Trump tenta então mostrar que já produziu bons resultados econômicos no passado e será capaz de fazer de novo caso vença para um segundo mandato.
“Nosso país pode ir para um direção terrível, terrível. Antes de a praga chegar da China, nós estávamos indo em uma direção que nunca tínhamos visto antes, com uma economia de sucesso e os melhores índices de desemprego da história”, afirmou.
“Em um segundo mandato, vamos continuar a reforçar nossas tropas militares, criar 10 milhões de empregos nos primeiros 10 meses, facilmente. Eles [democratas] querem aumentar os impostos, eles vão quadruplicar os impostos].”
A retórica agressiva, permeada de exageros e informações falsas, é recorrente no discurso de Trump durante todo o seu governo e deve guiá-lo até novembro.
A postura tem ressonância em sua base, formada principalmente por religiosos e conservadores, e a estratégia de focar nichos específicos durante a campanha é eficaz no sistema indireto de Colégio Eleitoral, em que os estados-chave, com maior número de delegados, são os mais importantes para a vitória.

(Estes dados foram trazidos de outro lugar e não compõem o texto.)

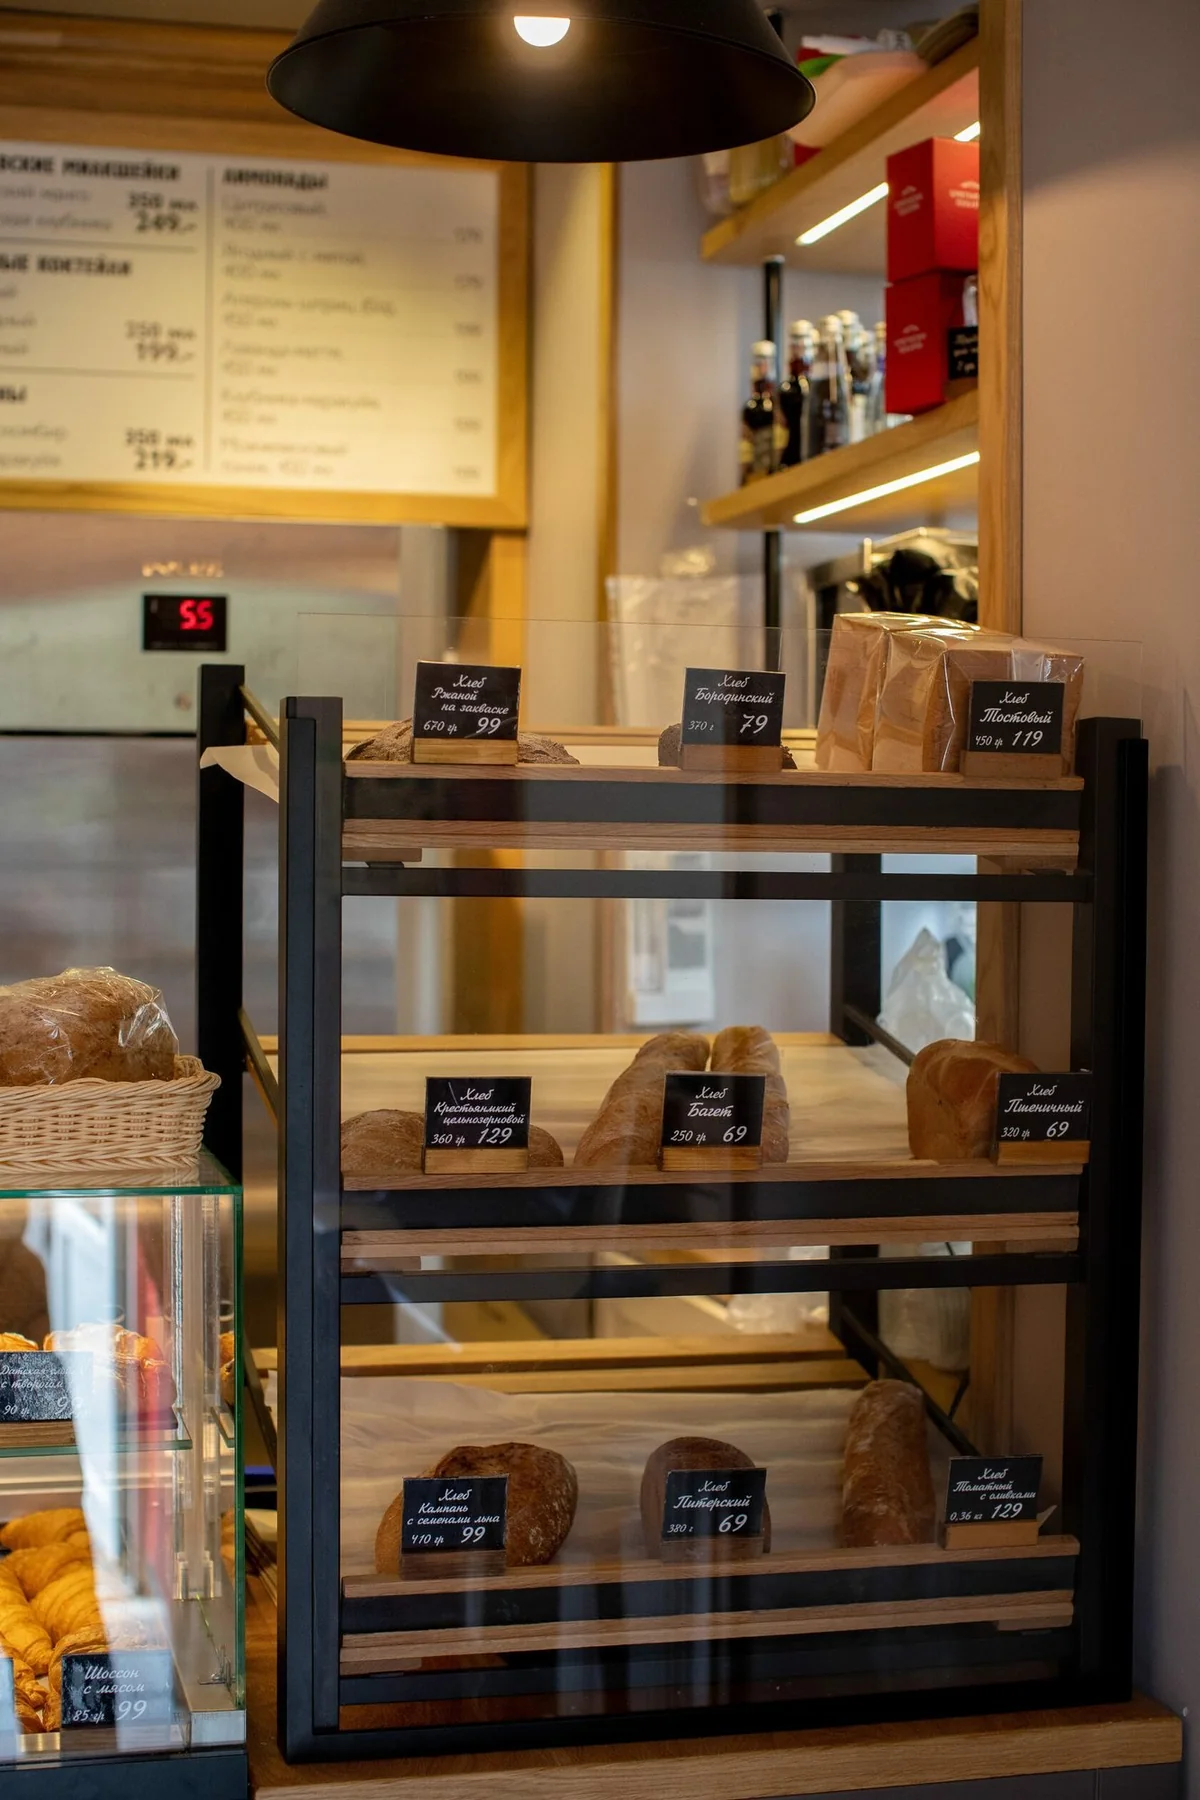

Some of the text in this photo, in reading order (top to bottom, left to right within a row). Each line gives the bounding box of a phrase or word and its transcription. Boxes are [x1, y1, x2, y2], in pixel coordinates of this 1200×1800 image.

[453, 674, 487, 688] Хлеб
[717, 674, 750, 688] Хлеб
[431, 687, 479, 700] Ржаной
[695, 687, 775, 705] Бородинский
[999, 691, 1030, 704] Хлеб
[460, 703, 509, 714] закваске
[980, 707, 1054, 724] Тостовый
[424, 717, 501, 735] 670 гр 99
[688, 720, 708, 731] 370
[740, 714, 768, 734] 79
[975, 730, 1043, 749] 450 гр 119
[460, 1088, 494, 1101] Хлеб
[695, 1086, 729, 1099] Хлеб
[1026, 1083, 1058, 1096] Хлеб
[687, 1102, 734, 1117] Багет
[1004, 1098, 1084, 1113] Пшеничный
[443, 1114, 526, 1127] цельнозерновой
[431, 1127, 513, 1147] 360 гр 129
[670, 1125, 748, 1145] 250 гр 69
[1000, 1121, 1070, 1140] 320 гр 69
[1, 1379, 63, 1391] с творогом
[4, 1405, 18, 1415] 90
[977, 1468, 1009, 1480] Хлеб
[697, 1480, 731, 1492] Хлеб
[952, 1480, 1014, 1492] Томатный
[438, 1488, 473, 1501] Хлеб
[989, 1491, 1037, 1500] оливками
[418, 1502, 469, 1514] Кампань
[673, 1495, 752, 1512] Питерский
[949, 1511, 972, 1522] 0,36
[991, 1502, 1023, 1519] 129
[417, 1516, 471, 1525] семенами
[474, 1515, 500, 1523] льна
[667, 1523, 687, 1533] 380
[718, 1513, 748, 1533] 69
[411, 1534, 432, 1545] 410
[460, 1526, 486, 1543] 99
[84, 1666, 139, 1680] Шоссон
[83, 1683, 145, 1694] с мясом
[73, 1710, 90, 1721] 85
[117, 1700, 147, 1720] 99

Em 2016, foi justamente a economia que mobilizou eleitores brancos e pouco escolarizados do Meio-Oeste americano a escolher Trump depois de terem votado duas vezes em Obama, por exemplo.

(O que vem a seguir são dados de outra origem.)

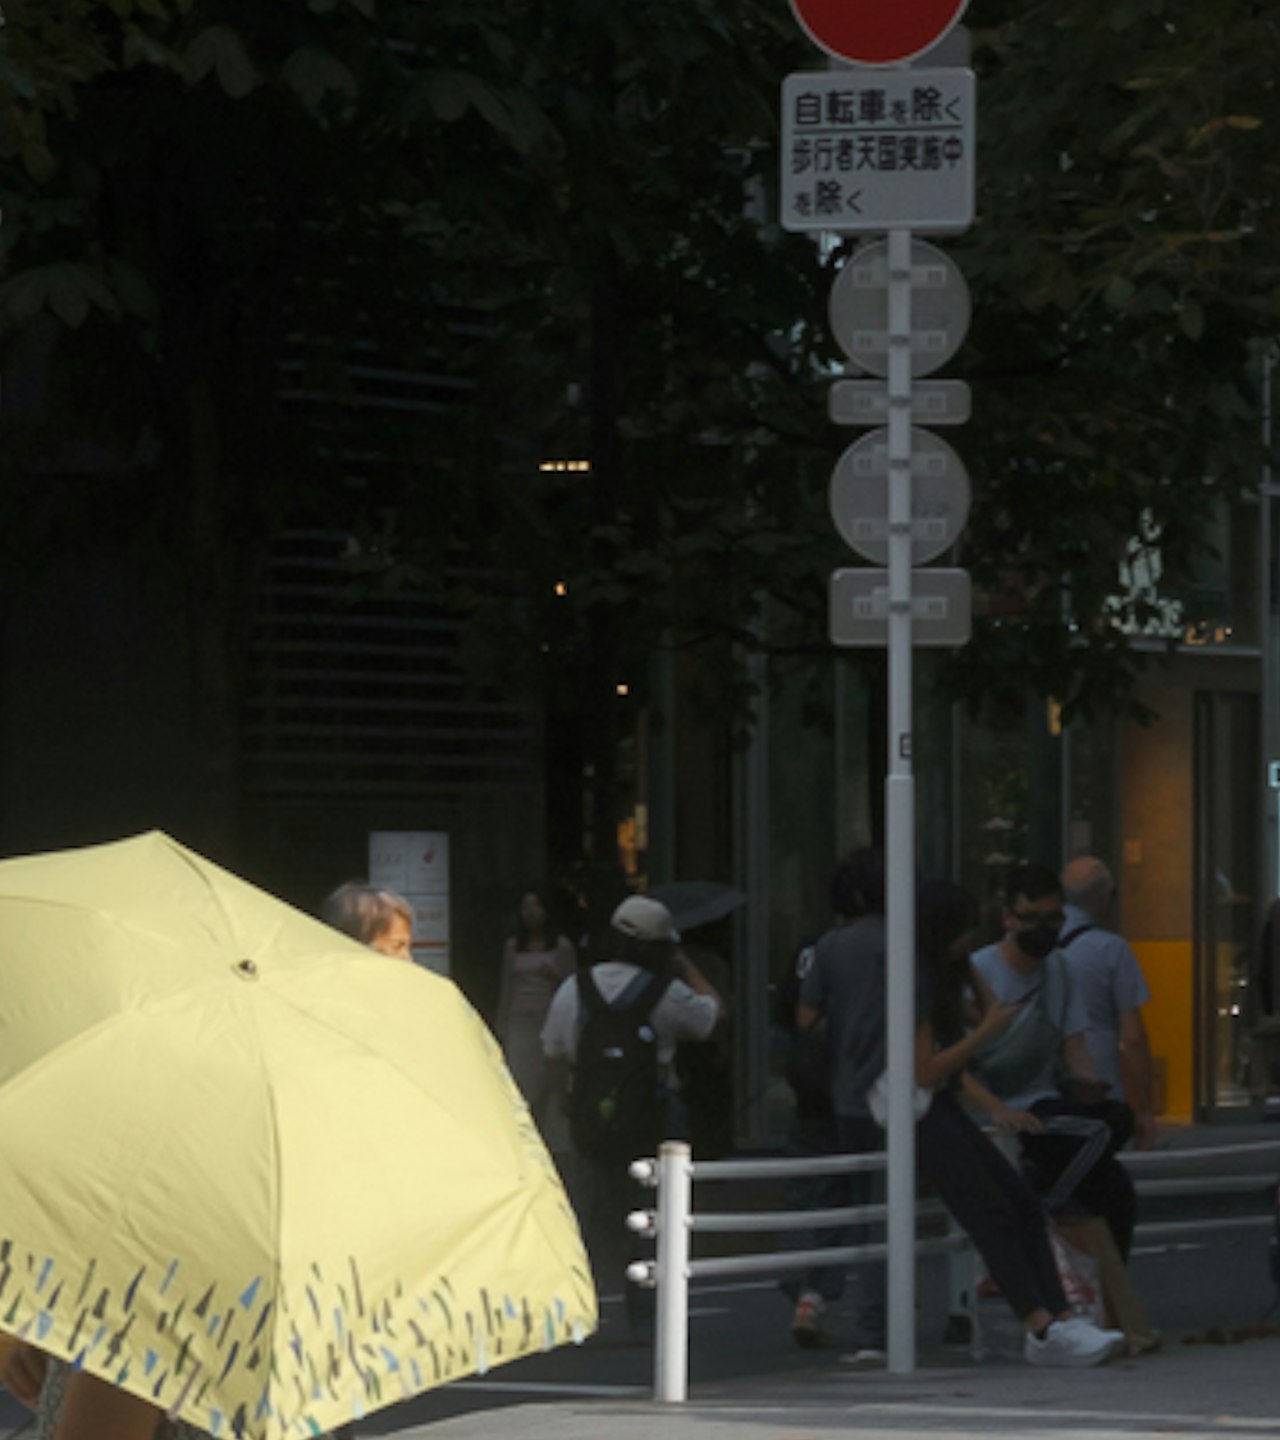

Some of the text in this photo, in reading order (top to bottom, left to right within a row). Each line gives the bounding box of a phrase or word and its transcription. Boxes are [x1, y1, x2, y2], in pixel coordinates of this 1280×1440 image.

Eles se diziam cansados da política tradicional, e o atual presidente apresentava-se como um outsider, um homem de negócios. Biden não fez grandes acenos a esse eleitor durante a convenção democrata, na semana passada, e deixou o caminho aberto a Trump.
O presidente não precisa necessariamente atrair esse grupo, basta afastá-lo de Biden, como fez com Hillary há quatro anos.
Dessa vez, de dentro da Casa Branca, Trump não pode lançar mão da roupagem de alguém fora da política e busca inspiração na campanha de George Bush em 1988 para virar o jogo.
Em julho daquele ano, Bush estava 17 pontos atrás do democrata Michael Dukakis e apostou no que ficou conhecido como “campanha negativa moderna” para ultrapassar e vencer o adversário com folga: 53% a 46%.
De acordo com essa tese, os eleitores começam a pensar na campanha de fato em setembro, e ataques mais fortes direcionados ao adversário podem fazer efeito de maneira mais eficaz durante esse período.
Bush elencou posições consideradas radicais de Dukakis e pintou sua imagem como uma ameaça à classe média –justamente a fatia que migrou de Obama a Trump nos últimos anos.
A diferença, dizem analistas, é que hoje Biden é bem mais conhecido que seu correligionário democrata de 1988, e Trump enfrenta uma rejeição grande (na casa dos 54%), enquanto Bush era vice de um governo melhor avaliado.
Nesta segunda, o atual presidente falou ainda sobre China, outro tópico pouco explorado pelos democratas na semana passada e muito caro à população americana – cada vez mais anti-Pequim.
Segundo o presidente, a China “será dona dos EUA” caso Biden seja eleito.
A convenção republicana dará destaque a ativistas que ficaram conhecidos por confrontar manifestantes antirracistas, combater o aborto e desafiar a imprensa, em mais um sinal de que a aposta de Trump no discurso de confronto e de acenos a grupos radicais segue firme.
O presidente luta ainda para conseguir dar boas notícias e reverter ao menos um pouco a imagem de que não foi um bom líder diante do coronavírus.
A disputa de 1988 ensinou que, quando bem executada, uma convenção partidária pode mover rapidamente a opinião pública e mudar o cenário de uma eleição que parecia perdida.